What is required → Extract the text of every entry below exactly; leave images out.

Image-backed grounding data:
------------------------------------------------
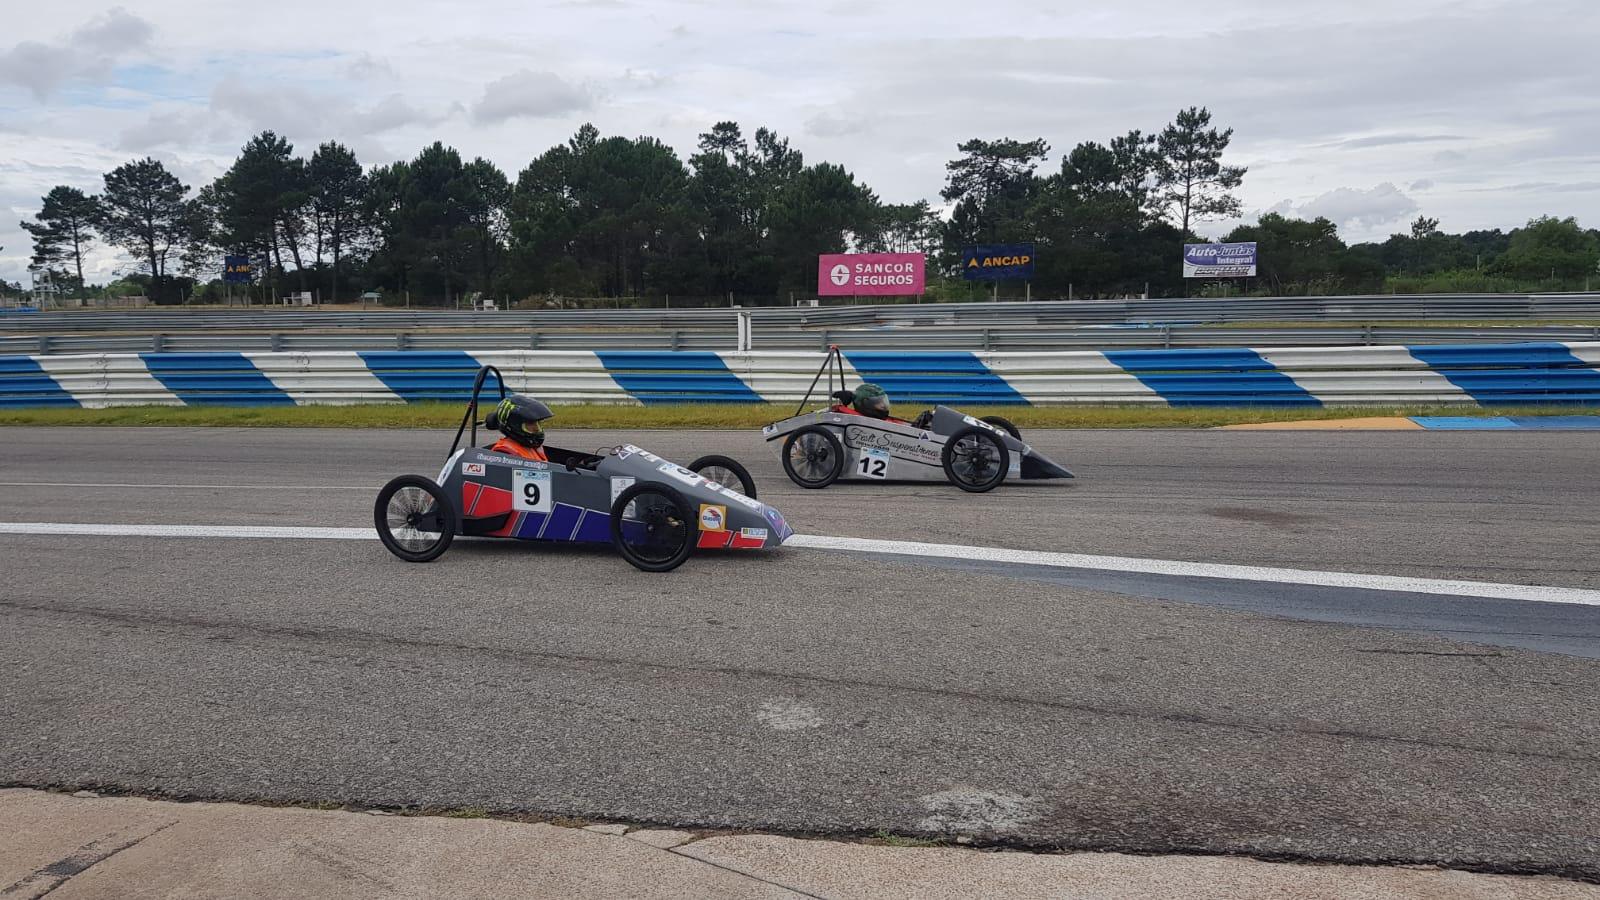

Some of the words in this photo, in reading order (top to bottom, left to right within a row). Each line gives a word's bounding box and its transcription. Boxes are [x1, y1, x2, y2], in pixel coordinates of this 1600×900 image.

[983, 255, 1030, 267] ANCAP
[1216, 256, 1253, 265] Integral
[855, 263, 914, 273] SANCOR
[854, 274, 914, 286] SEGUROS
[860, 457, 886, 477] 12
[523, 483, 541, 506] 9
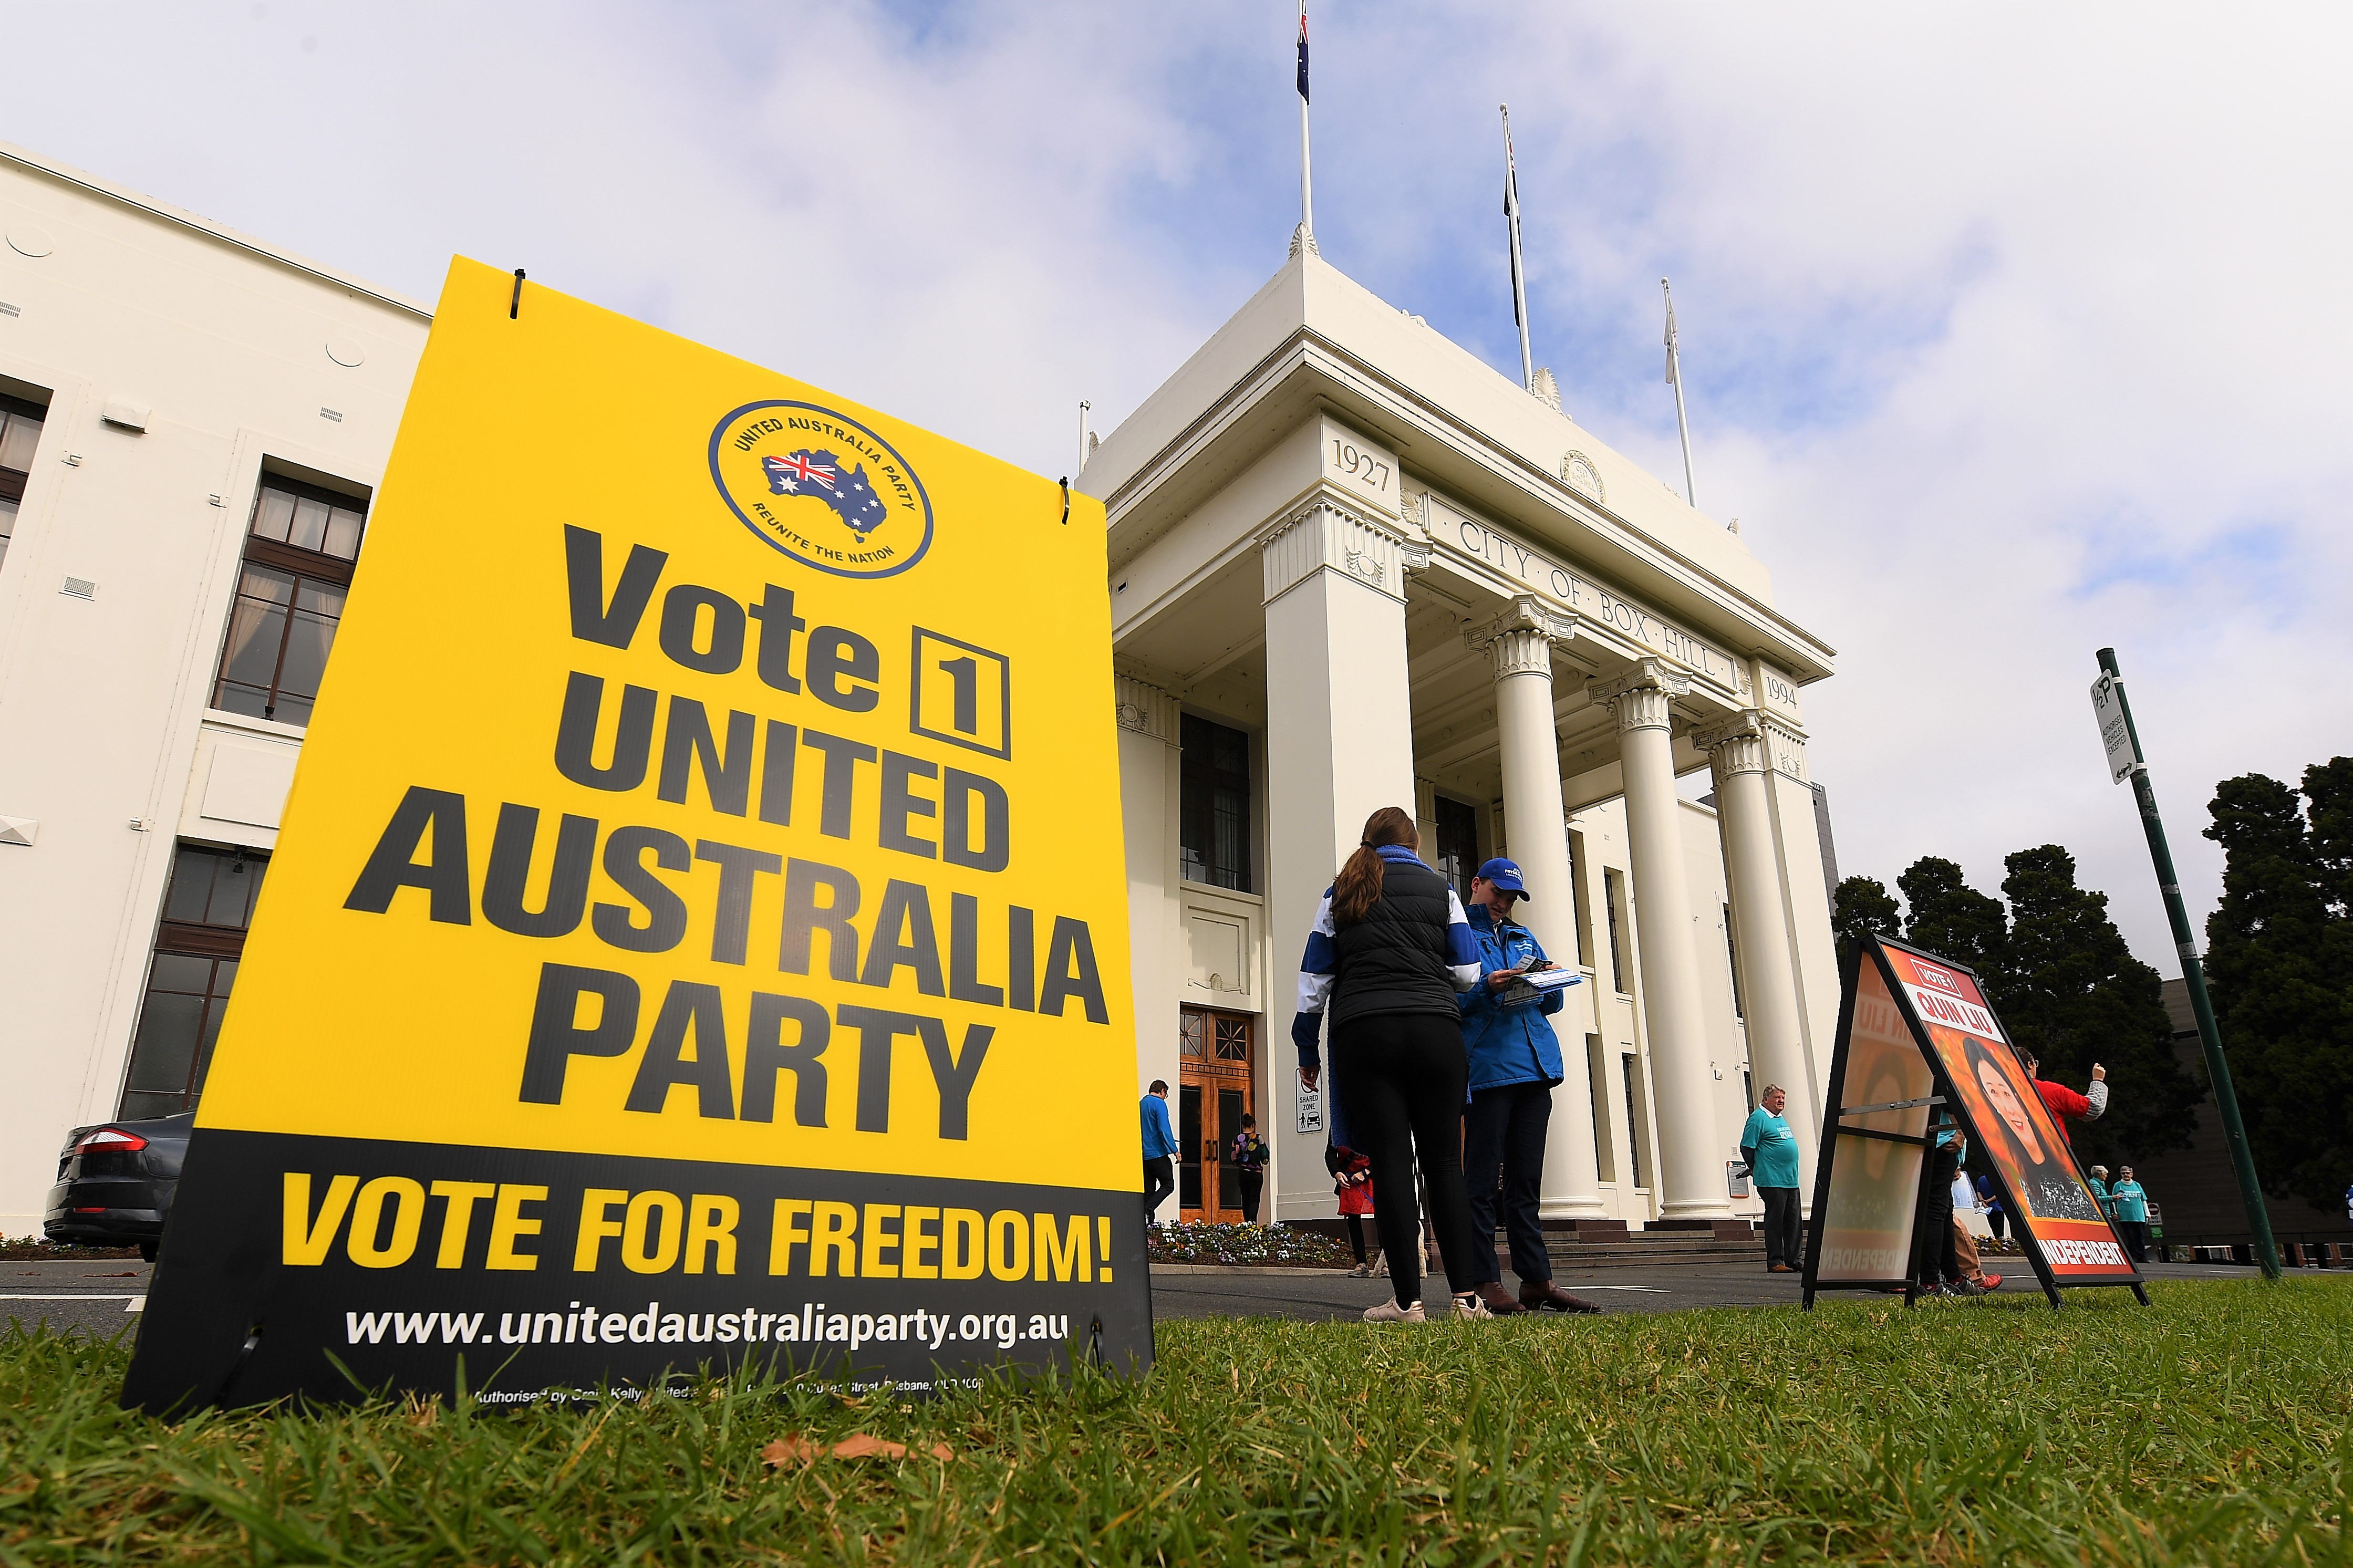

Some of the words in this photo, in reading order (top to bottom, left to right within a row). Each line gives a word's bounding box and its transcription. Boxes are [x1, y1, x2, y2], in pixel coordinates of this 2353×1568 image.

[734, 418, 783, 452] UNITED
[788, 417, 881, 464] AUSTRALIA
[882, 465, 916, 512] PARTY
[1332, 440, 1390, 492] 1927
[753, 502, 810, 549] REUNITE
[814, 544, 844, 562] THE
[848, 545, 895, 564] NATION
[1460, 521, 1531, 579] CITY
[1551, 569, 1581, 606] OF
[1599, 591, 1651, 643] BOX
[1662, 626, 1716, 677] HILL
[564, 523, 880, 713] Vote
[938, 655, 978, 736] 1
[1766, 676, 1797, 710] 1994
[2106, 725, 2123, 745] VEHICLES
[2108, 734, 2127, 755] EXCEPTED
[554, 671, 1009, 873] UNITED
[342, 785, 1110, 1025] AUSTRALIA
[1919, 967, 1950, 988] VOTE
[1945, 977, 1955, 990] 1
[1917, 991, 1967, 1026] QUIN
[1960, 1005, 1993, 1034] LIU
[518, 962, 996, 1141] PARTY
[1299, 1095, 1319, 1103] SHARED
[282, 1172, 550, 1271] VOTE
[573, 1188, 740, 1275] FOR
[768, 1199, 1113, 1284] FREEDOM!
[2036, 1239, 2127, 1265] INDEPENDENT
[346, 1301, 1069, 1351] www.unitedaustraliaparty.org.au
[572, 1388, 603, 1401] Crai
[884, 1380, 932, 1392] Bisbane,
------------------------------------------------
Result for this task →
Some of the words in this photo, in reading order (top to bottom, left to right within a row). Each line gives a word's bounding box and its transcription. Boxes are [x1, y1, x2, y2], in pixel coordinates of this 1600×900 image.

[983, 255, 1030, 267] ANCAP
[1216, 256, 1253, 265] Integral
[855, 263, 914, 273] SANCOR
[854, 274, 914, 286] SEGUROS
[860, 457, 886, 477] 12
[523, 483, 541, 506] 9

Some of the words in this photo, in reading order (top to bottom, left to right within a row). Each line gives a word's bounding box and its transcription. Boxes are [x1, y1, x2, y2], in pixel coordinates of this 2353×1568 image.

[734, 418, 783, 452] UNITED
[788, 417, 881, 464] AUSTRALIA
[882, 465, 916, 512] PARTY
[1332, 440, 1390, 492] 1927
[753, 502, 810, 549] REUNITE
[814, 544, 844, 562] THE
[848, 545, 895, 564] NATION
[1460, 521, 1531, 579] CITY
[1551, 569, 1581, 606] OF
[1599, 591, 1651, 643] BOX
[1662, 626, 1716, 677] HILL
[564, 523, 880, 713] Vote
[938, 655, 978, 736] 1
[1766, 676, 1797, 710] 1994
[2106, 725, 2123, 745] VEHICLES
[2108, 734, 2127, 755] EXCEPTED
[554, 671, 1009, 873] UNITED
[342, 785, 1110, 1025] AUSTRALIA
[1919, 967, 1950, 988] VOTE
[1945, 977, 1955, 990] 1
[1917, 991, 1967, 1026] QUIN
[1960, 1005, 1993, 1034] LIU
[518, 962, 996, 1141] PARTY
[1299, 1095, 1319, 1103] SHARED
[282, 1172, 550, 1271] VOTE
[573, 1188, 740, 1275] FOR
[768, 1199, 1113, 1284] FREEDOM!
[2036, 1239, 2127, 1265] INDEPENDENT
[346, 1301, 1069, 1351] www.unitedaustraliaparty.org.au
[572, 1388, 603, 1401] Crai
[884, 1380, 932, 1392] Bisbane,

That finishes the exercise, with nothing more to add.